Stevens, who was born in Chicago in 1920, was nominated for the U.S. Supreme Court by President Ford in 1975. He served in that position for 35 years, retiring in 2010.
(It is interesting to note that when he was appointed to the Supreme Court, he was one of eight Protestants among the nine Justices. When he retired and was replaced by Elena Kagan, a Jew, there were no longer any Protestants on the Court.)
In spite of retiring at the age of 90, Justice Stevens has continued to be active. The picture on the left was taken last April 30 as he was testifying before the Senate Rules Committee on Capitol Hill.
It was also just last year that his new book, “Six Amendments: How and Why We Should Change the Constitution,” was published. While all six of Justice Stevens’s proposed amendments are significant, I am most interested in four of them.
Those four would do away with political gerrymandering, would make it possible for the U.S. Congress or states to limit the amount of money that could be spent in election campaigns, would do away with the death penalty, and would change the Second Amendment to read, “the right of the people to keep and bear Arms when serving in the Militia shall not be infringed.
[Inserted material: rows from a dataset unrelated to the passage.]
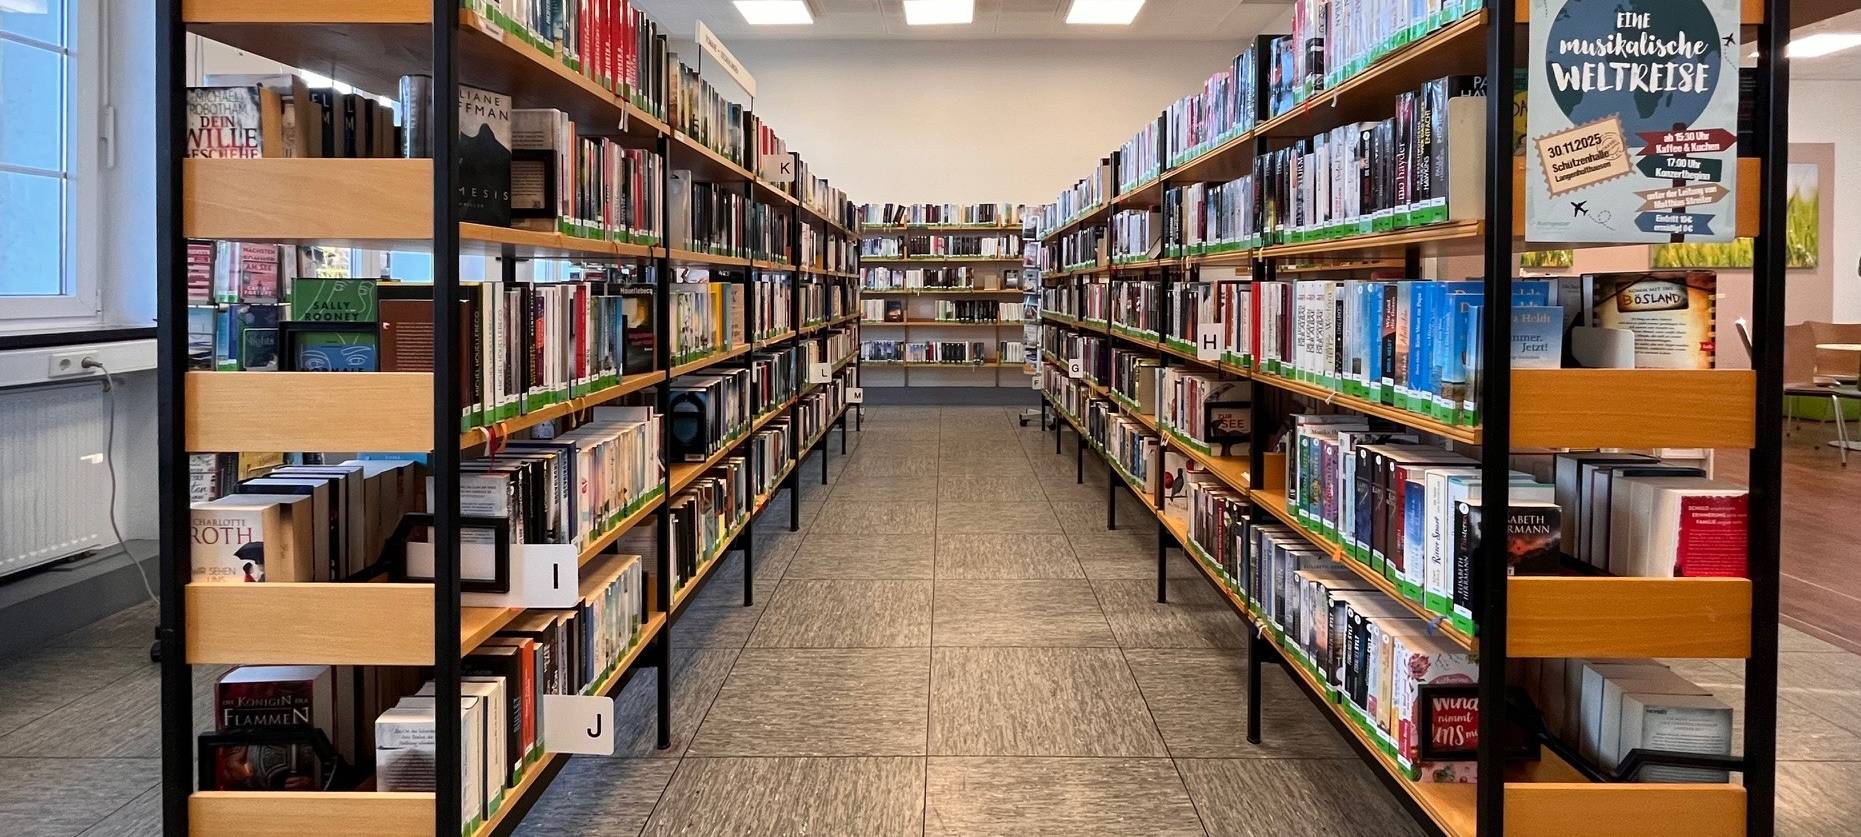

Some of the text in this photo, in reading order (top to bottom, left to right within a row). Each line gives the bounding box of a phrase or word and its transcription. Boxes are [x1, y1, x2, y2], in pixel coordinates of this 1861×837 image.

[1617, 12, 1651, 29] EINE
[1560, 31, 1709, 59] musikalische
[1551, 61, 1709, 93] WELTREISE
[201, 116, 235, 127] DEIN
[1664, 133, 1673, 142] ab
[1696, 131, 1709, 140] Uhr
[1656, 142, 1720, 153] Kaffee & Kuchen
[1396, 142, 1407, 179] hayder
[1688, 159, 1701, 168] Uhr
[780, 162, 790, 174] K
[1621, 292, 1681, 306] BÖSLAND
[312, 301, 351, 310] SALLY
[304, 312, 360, 321] ROONEY
[1203, 334, 1217, 350] H
[1521, 343, 1549, 353] Jetzt!
[821, 368, 828, 378] L
[1071, 364, 1079, 373] G
[1220, 419, 1245, 428] SEE
[193, 518, 246, 527] CHARLOTTE
[553, 563, 558, 589] I
[224, 707, 309, 726] FLAMMEN
[1438, 714, 1472, 723] nimmt
[587, 713, 602, 738] J
Since I wrote about the latter issue previously (here), I will not say more about that at this time.
With regard to the first issue mentioned above, gerrymandering, as you know, means manipulating boundaries of electoral districts so as to favor one party or group. Justice Stevens’s proposed amendment would address the seriously flawed boundary lines for U.S. representatives which have been drawn in many states across the nation.
The highly controversial 5-4 “Citizens United” decision of the Supreme Court in January 2010 was strongly criticized by Justice Stevens. He wrote a 90-page dissenting opinion, setting forth his unhappiness with the majority position.
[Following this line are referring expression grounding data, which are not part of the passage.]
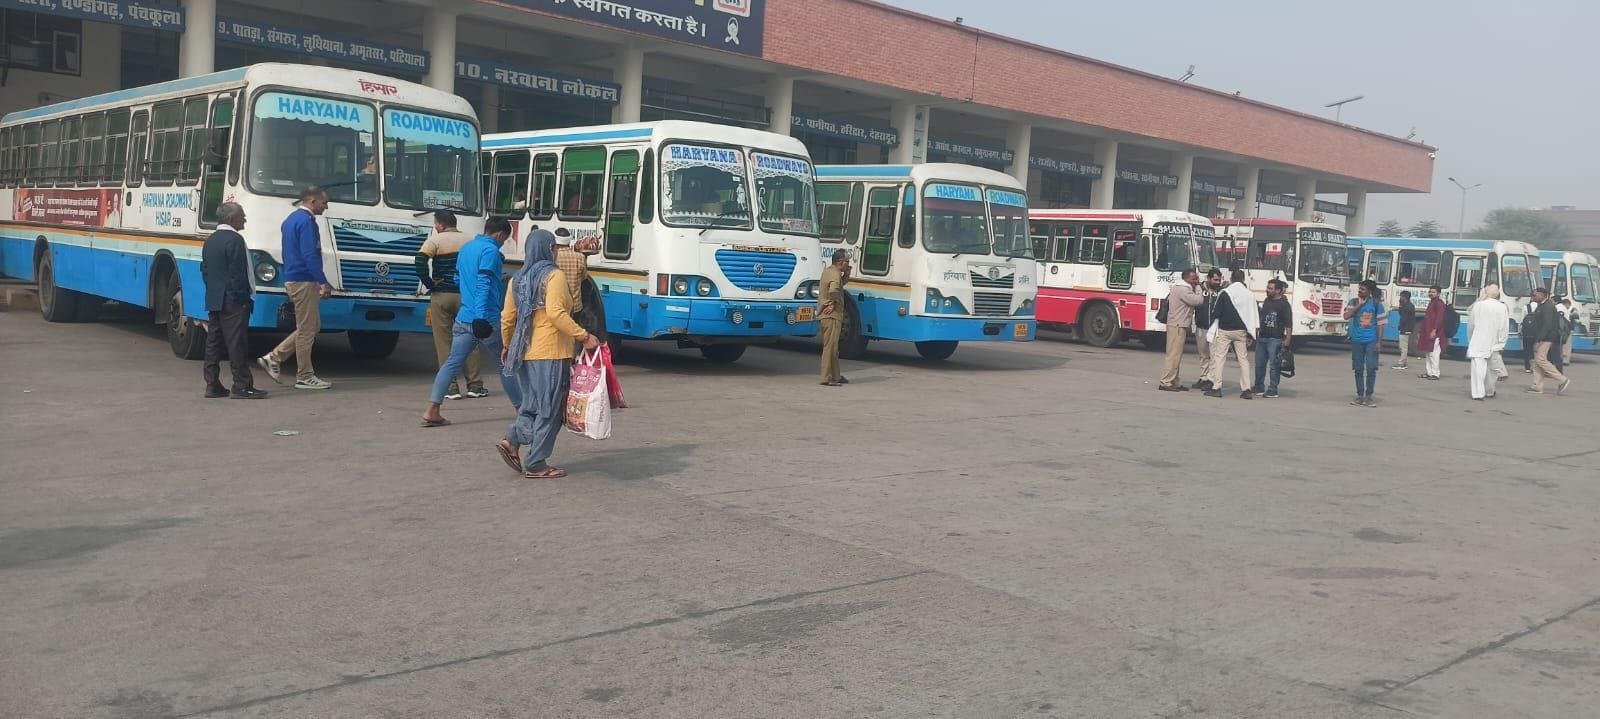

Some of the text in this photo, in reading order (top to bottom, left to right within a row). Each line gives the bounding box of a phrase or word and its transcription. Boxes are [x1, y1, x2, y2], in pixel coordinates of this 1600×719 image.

[128, 2, 181, 27] पंचकूला
[633, 8, 683, 31] करता
[218, 21, 230, 35] 9.
[455, 61, 618, 102] 10. नरवाना लोकल
[278, 96, 471, 138] HARYANA ROADWAYS
[670, 146, 809, 175] HARYANA ROADWAYS
[935, 185, 976, 201] HARYANA
It is not surprising, therefore, that one of the six amendments to the Constitution that he proposed in his 2014 book is about that decision.
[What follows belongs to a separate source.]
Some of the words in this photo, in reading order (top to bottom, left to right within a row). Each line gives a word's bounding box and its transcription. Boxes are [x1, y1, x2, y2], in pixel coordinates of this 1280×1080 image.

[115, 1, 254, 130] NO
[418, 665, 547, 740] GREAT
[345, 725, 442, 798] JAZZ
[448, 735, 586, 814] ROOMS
In his talk to the Senate Committee last year Justice Stevens said, “While money is used to finance speech, money is not speech.” So Stevens’s proposed campaign finance amendment would essentially overturn Citizens United, allowing Congress to set “reasonable limits on the amount of money that candidates for public office, or their supporters, may spend in elections.”
In 1976, the year following his appointment to the Supreme Court, Justice Stevens voted to uphold the death penalty. When he retired 34 years later, he said that decision was the main one he regretted.
In his 2014 book, he says that retribution is the only legitimate justification for preserving capital punishment—and he doesn’t think that is a good or sufficient reason.
So Justice Stevens now advocates amending the Eighth Amendment to include the words “such as the death penalty” as an example of “cruel and unusual punishment,” which is currently prohibited.
At the time of his retirement in 2010, J. Brent Walker, executive director of the Baptist Joint Committee for Religious Liberty and a member of the Supreme Court Bar, wrote, “Justice Stevens has been a thoughtful, diligent jurist who has served the Court and this country admirably.”
The retired Justice has continued his meritorious public service by his book advocating significant Constitutional amendments.
Happy birthday, Justice Stevens—and thanks for all you have done!